What is the MMLU Benchmark?
The MMLU Benchmark, or Massive Multitask Language Understanding, is a standardized evaluation designed to measure how well large language models (LLMs) can answer questions across a broad range of academic and professional domains. Unlike simple accuracy tests that focus on one narrow skill, MMLU spans 57 distinct subjects, including:
Science – physics, chemistry, biology, and more
Mathematics – from basic algebra to advanced statistics
History – world history, regional studies, and historical analysis
Law – legal principles, case interpretations, and terminology
Medicine – clinical knowledge, diagnoses, and treatment reasoning
Computer Science – algorithms, programming concepts, and theory
What makes MMLU unique is its breadth and difficulty.
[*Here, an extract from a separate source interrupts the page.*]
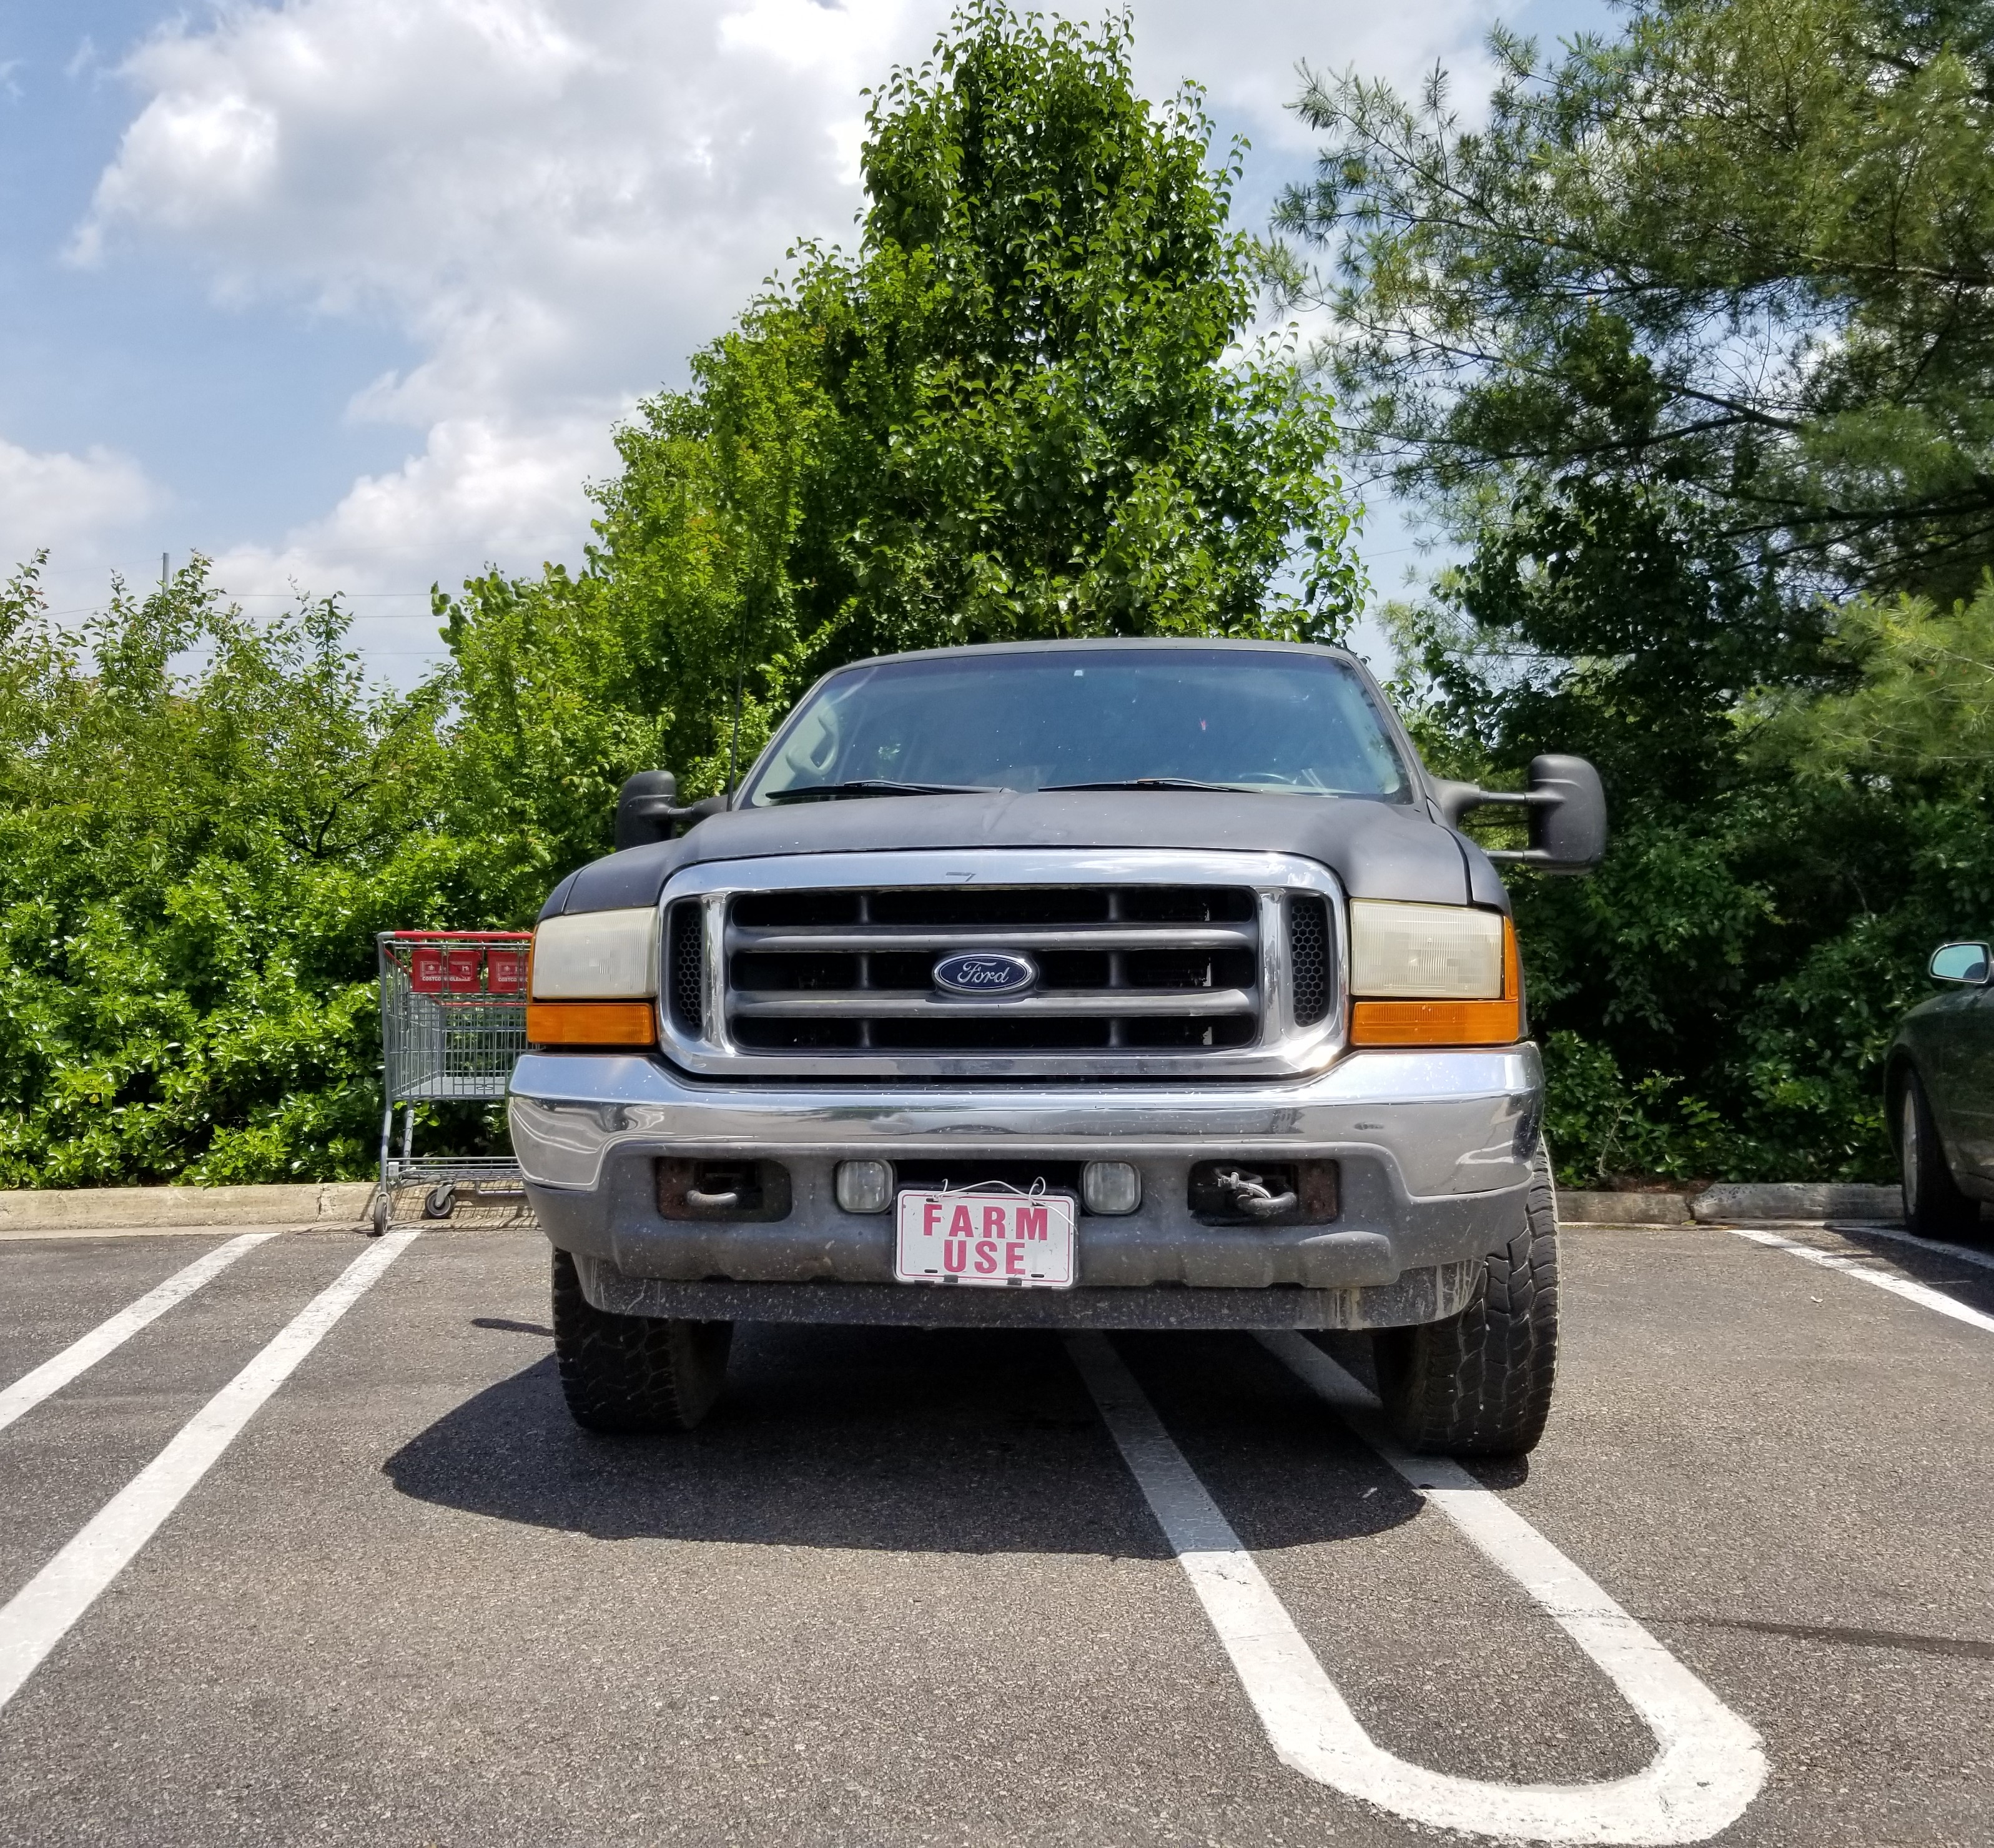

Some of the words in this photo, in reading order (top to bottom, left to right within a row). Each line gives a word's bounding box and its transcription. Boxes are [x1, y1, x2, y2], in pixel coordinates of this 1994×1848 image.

The questions are based on real-world knowledge—often at an advanced level—requiring models to apply reasoning rather than just memorized facts.
Key characteristics that set MMLU apart:
Covers multiple domains in a single evaluation, mimicking real-world unpredictability
Questions often require multi-step reasoning, not just fact recall
Designed to test general intelligence rather than niche expertise
The benchmark’s primary goal is to simulate the diverse and unpredictable nature of human questioning. This makes it a more reliable indicator of general intelligence in AI systems than task-specific benchmarks, which may overestimate a model’s abilities in broader contexts. As a result, MMLU has become a go-to test for researchers and companies when comparing models like GPT-4, Claude, Gemini, and LLaMA.
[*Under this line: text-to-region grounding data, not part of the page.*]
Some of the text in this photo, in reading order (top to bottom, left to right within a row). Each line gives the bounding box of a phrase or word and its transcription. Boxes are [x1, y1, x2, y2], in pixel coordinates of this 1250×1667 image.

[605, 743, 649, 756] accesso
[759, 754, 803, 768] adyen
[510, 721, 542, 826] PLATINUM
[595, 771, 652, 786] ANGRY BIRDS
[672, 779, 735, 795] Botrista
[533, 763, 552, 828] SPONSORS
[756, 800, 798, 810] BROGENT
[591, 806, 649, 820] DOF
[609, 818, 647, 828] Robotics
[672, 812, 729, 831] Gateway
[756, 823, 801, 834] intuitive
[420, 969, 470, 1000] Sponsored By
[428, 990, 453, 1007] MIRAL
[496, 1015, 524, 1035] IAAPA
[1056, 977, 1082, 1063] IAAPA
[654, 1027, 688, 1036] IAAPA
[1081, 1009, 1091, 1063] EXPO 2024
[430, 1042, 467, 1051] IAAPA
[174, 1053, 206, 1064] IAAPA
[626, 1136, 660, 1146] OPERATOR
How MMLU Works: Structure and Scoring
The MMLU benchmark evaluates AI models by presenting them with multiple-choice questions across 57 subjects. Each subject is drawn from academic exams, professional certification materials, and real-world knowledge databases, ensuring both authenticity and difficulty.
1. Structure of the Test
Question Format – Every question has four answer options (A, B, C, D), with only one correct choice.
Subject Coverage – The benchmark is split into categories such as STEM, humanities, social sciences, and professional fields.
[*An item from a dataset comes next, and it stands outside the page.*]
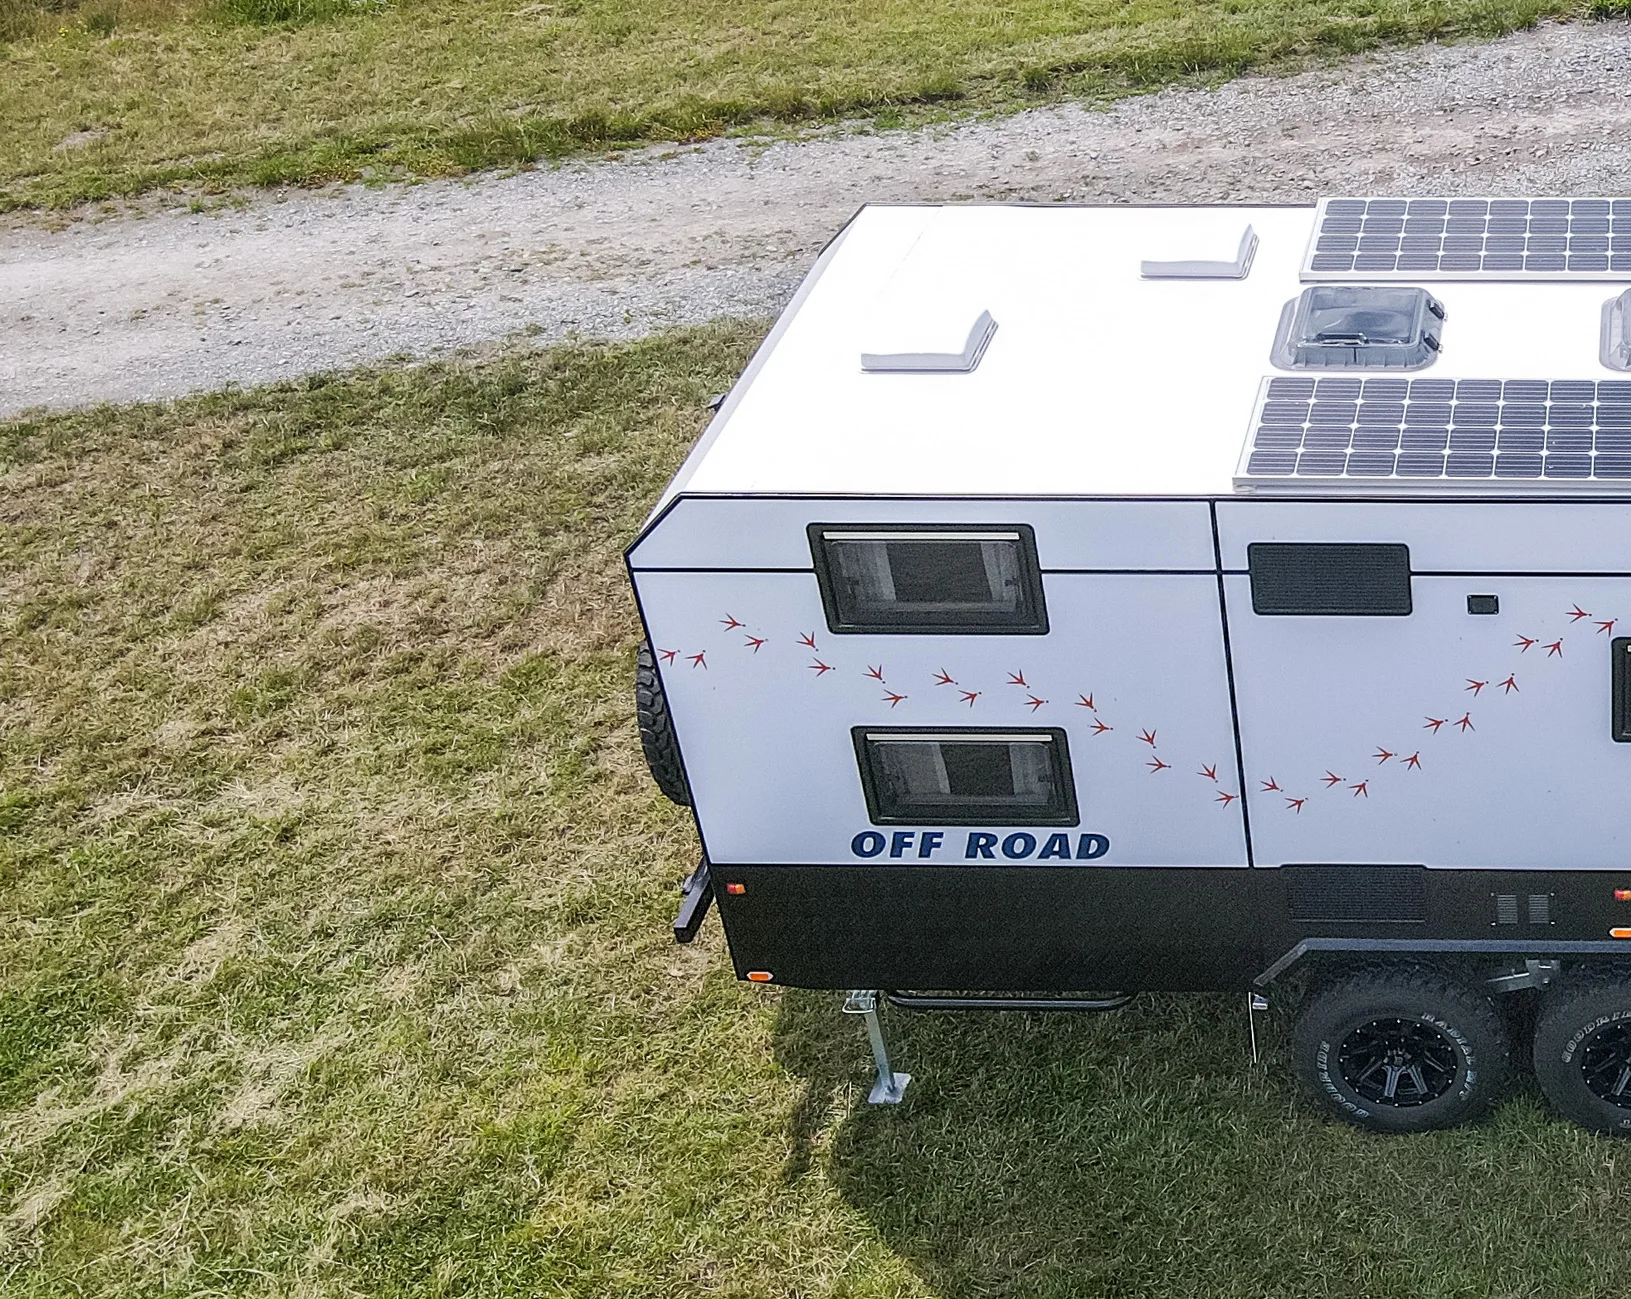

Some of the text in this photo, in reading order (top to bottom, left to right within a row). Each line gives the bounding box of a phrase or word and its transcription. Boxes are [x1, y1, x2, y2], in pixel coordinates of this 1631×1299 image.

[851, 830, 1111, 860] OFF ROAD
[1420, 1012, 1477, 1066] RADIAL
[1316, 1040, 1371, 1119] GOODRIDE
Difficulty Levels – Questions range from high school level to graduate-level or expert knowledge.
No Prior Context – Models receive each question independently, without extra training material specific to the test.
Example question:
Which data structure allows insertion and deletion from both ends in constant time?
A. Stack
B. Queue
C. DequeD.
Linked List
Correct answer: C. Deque
2. Scoring Method
Accuracy Percentage – The primary metric is the percentage of correct answers across all questions.
Per-Category Performance – Researchers also analyze performance per subject to identify strengths and weaknesses.
Few-Shot and Zero-Shot Modes –
Zero-shot: The model answers with no examples provided.
Few-shot: The model is given a few example Q&A pairs before answering.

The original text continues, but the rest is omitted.